The following comments give a better look at the real reason for food price increases (Drovers Alert
- ONLY the oil companies get the subsidies as an incentive for buying more ethanol. Not ethanol producers, not corn producers, only oil companies!
- The following article can be found in it's entirety in Business Week,
Oct. 1, 2007: “Big Oil’s Big Stall On Ethanol: Even as it pockets billions in subsidies, it’s trying to keep E85 out of driver’s tanks.”

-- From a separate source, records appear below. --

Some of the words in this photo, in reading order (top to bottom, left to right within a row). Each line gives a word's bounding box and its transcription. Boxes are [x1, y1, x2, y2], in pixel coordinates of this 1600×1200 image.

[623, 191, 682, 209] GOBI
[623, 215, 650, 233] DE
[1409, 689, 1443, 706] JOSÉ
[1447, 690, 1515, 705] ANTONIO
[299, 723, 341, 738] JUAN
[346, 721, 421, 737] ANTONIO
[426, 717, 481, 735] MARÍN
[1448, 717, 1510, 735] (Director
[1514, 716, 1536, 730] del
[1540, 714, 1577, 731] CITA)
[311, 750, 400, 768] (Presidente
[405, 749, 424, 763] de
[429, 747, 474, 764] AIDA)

For some industries, the prospect of $3.5 billion in federal subsidies now, and double that in three years, might be a powerful incentive. But not, apparently, for the oil industry, which is seeing crude oil prices soar to record highs. Despite collecting billions for blending small amounts of ethanol with gas, oil companies seem determined to fight the spread of E85, a fuel that is 85% ethanol and 15% gasoline. Congress has set a target of displacing 15% of projected annual gasoline use with alternative fuels by 2017. Right now, wider availability of E85 is the likeliest way to get there.
- Look at the Producer Price Index and you will find significant increases in gasoline, increasing retail costs as high as 40 percent.

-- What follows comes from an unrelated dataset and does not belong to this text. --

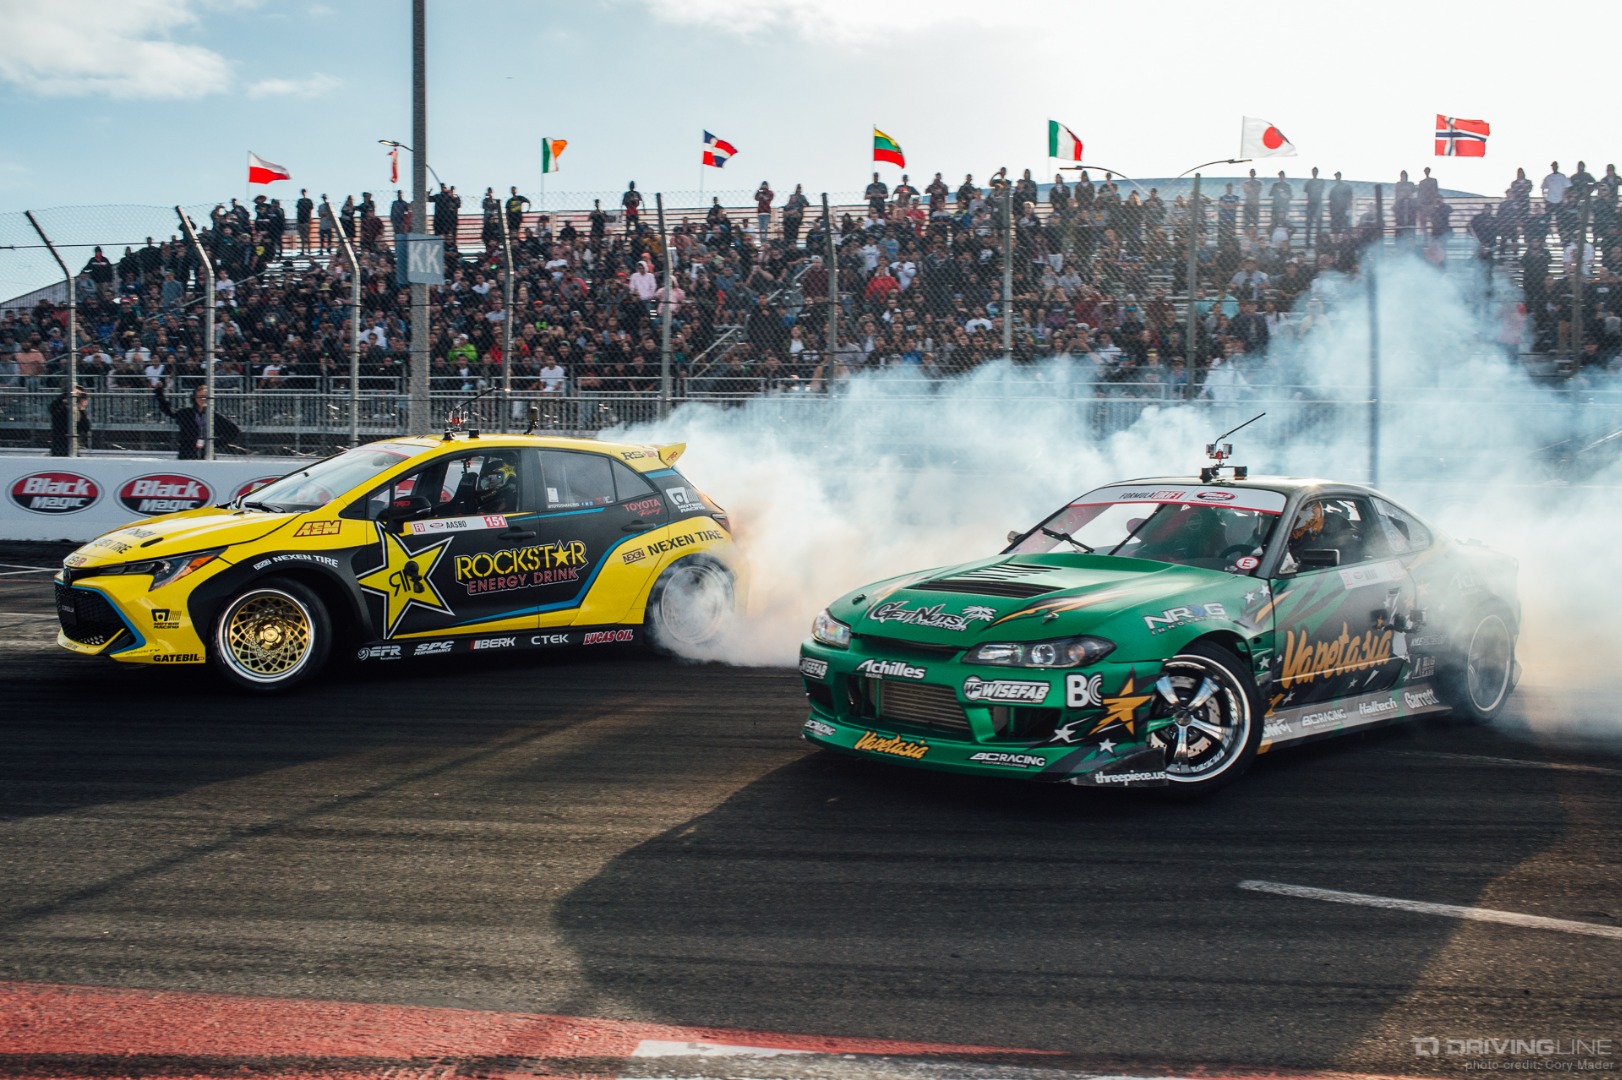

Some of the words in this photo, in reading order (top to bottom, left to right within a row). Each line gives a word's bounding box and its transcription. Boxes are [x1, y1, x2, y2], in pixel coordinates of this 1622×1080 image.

- Corn has not jumped that high. Now that the corn producer is making a little more money, are meat producers are crying foul?

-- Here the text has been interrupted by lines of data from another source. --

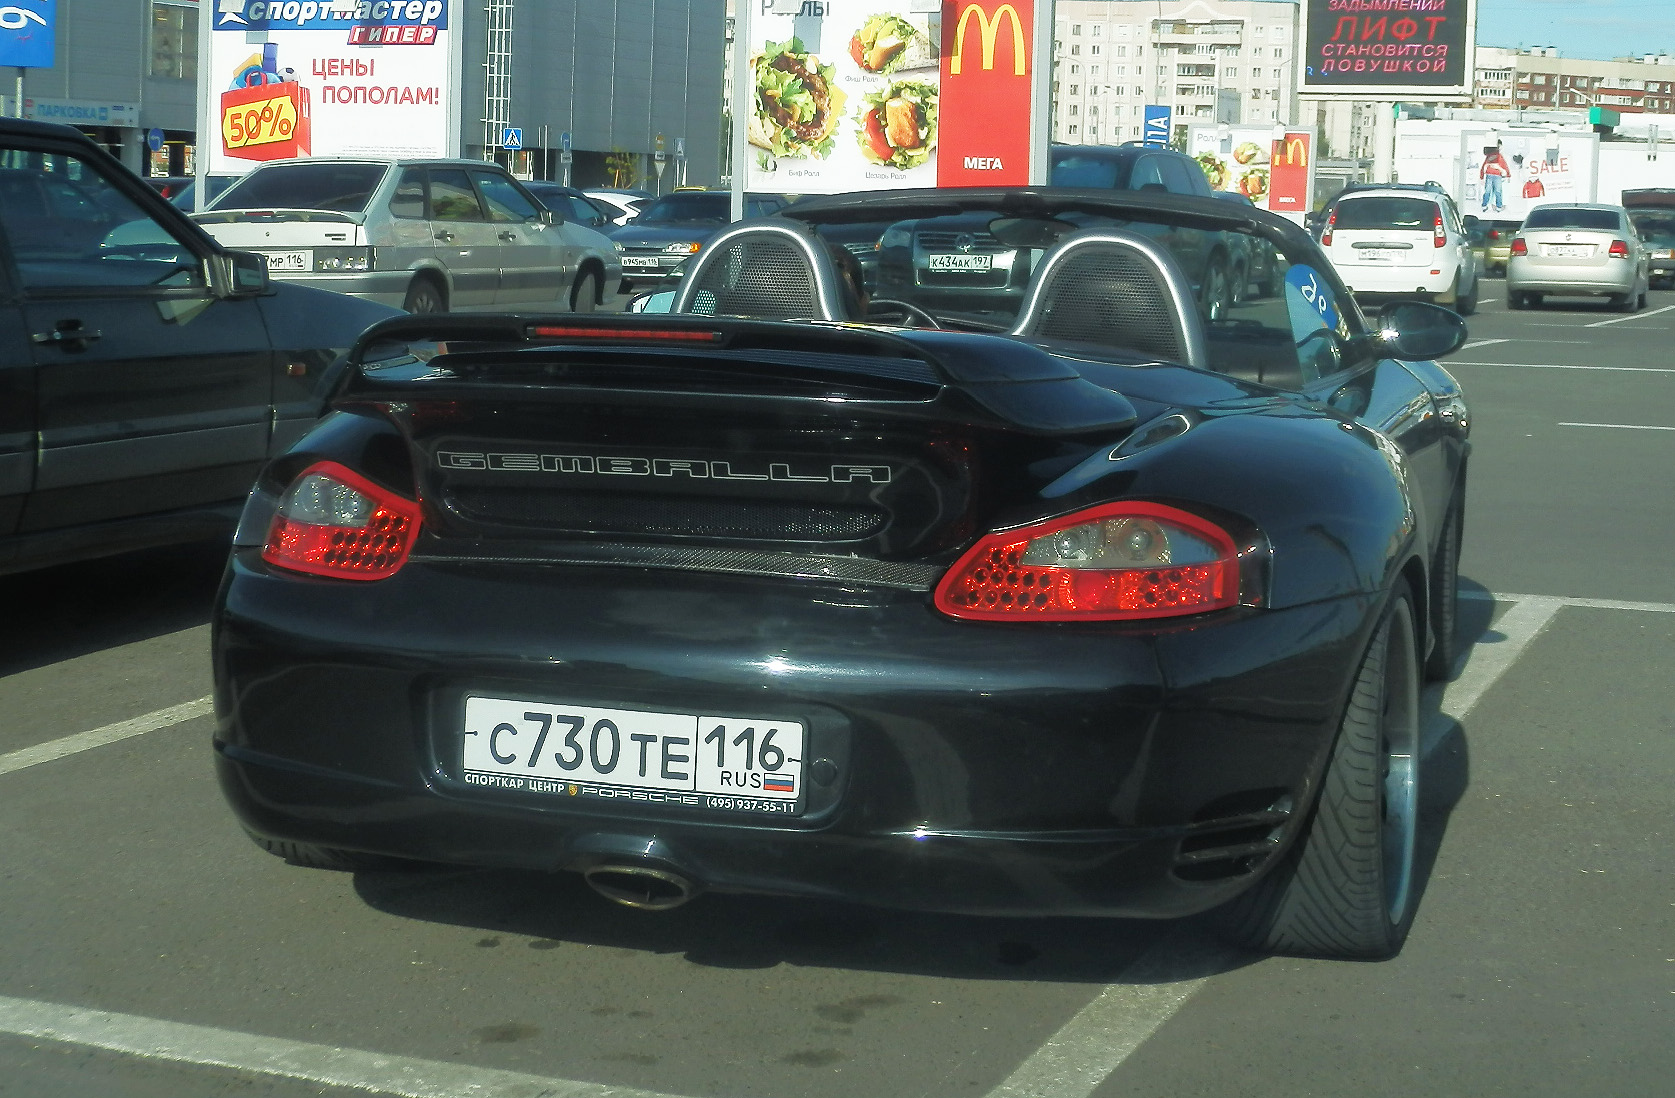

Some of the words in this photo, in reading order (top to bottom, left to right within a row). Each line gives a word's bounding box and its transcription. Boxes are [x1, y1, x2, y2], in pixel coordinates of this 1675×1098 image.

[248, 0, 443, 25] спортастер
[351, 27, 436, 42] ГИПЕР
[1329, 16, 1447, 41] ЛИФТ
[1321, 44, 1448, 57] СТАНОВИТСЯ
[312, 58, 375, 80] ЦЕНЫ
[1321, 58, 1447, 73] ЛОВУШКОЙ
[322, 86, 439, 105] ПОПОЛАМ!
[37, 104, 98, 119] ПАРКОВКА
[229, 104, 292, 142] 50%
[964, 156, 1003, 170] МЕГА
[1529, 157, 1569, 175] SALE
[287, 254, 302, 264] 116
[973, 256, 988, 265] 197
[437, 450, 891, 483] GEMBALLA
[489, 711, 690, 780] С730ТЕ
[704, 724, 785, 771] 116
[720, 771, 762, 789] RUS
[464, 773, 524, 789] СПОРТКАР
[528, 779, 565, 793] ЦЕНТР
[582, 786, 699, 805] PORSCHE
[706, 796, 735, 810] (495)
[736, 799, 795, 813] 937-55-11

- Who is really behind the bad rap on corn and ethanol? Are Big Oil lobbies behind the half truths?
- Big Oil is about to become extinct over the next several decades. Big Oil sees a challenge and a threat to their industry, just like the whalers did when their market share started dropping. When whale blubber processed for oil was the energy king in the early 1800's, they had the corner on the market for oil lamps. When oil was discovered in
that all changed. The first car engine was designed to run on alcohol. The world now evolves around a petroleum based economy. Pennsylvania
- Come on Drover's, look at who is making the big profits - Big Oil. They collect $.51 cents for every gallon of ethanol they buy and blend. Ethanol is 40-50 cents cheaper than gas. They can, and are blending ten percent (10%) ethanol in all gasoline sold. So in many cases Big Oil can make a dollar more for every gallon of gas sold, adding billions more to oil companies’ bottom line.
- By the way, a box of corn flakes at the grocery contains less than a nickel's worth of corn. Transportation, advertising, and packaging cost (not corn) increases the overall retail price. Everything in the production of cereal in some way is touched by the need for gasoline, from the farm gate to the grocery shelves
- It really amazes me that editors of some publications don’t get the total picture, while many other print media publications and broadcast companies are digging, looking for the real reason, increased fuel prices!
I hope these comments will enlighten the public about the true reasons for food price increases.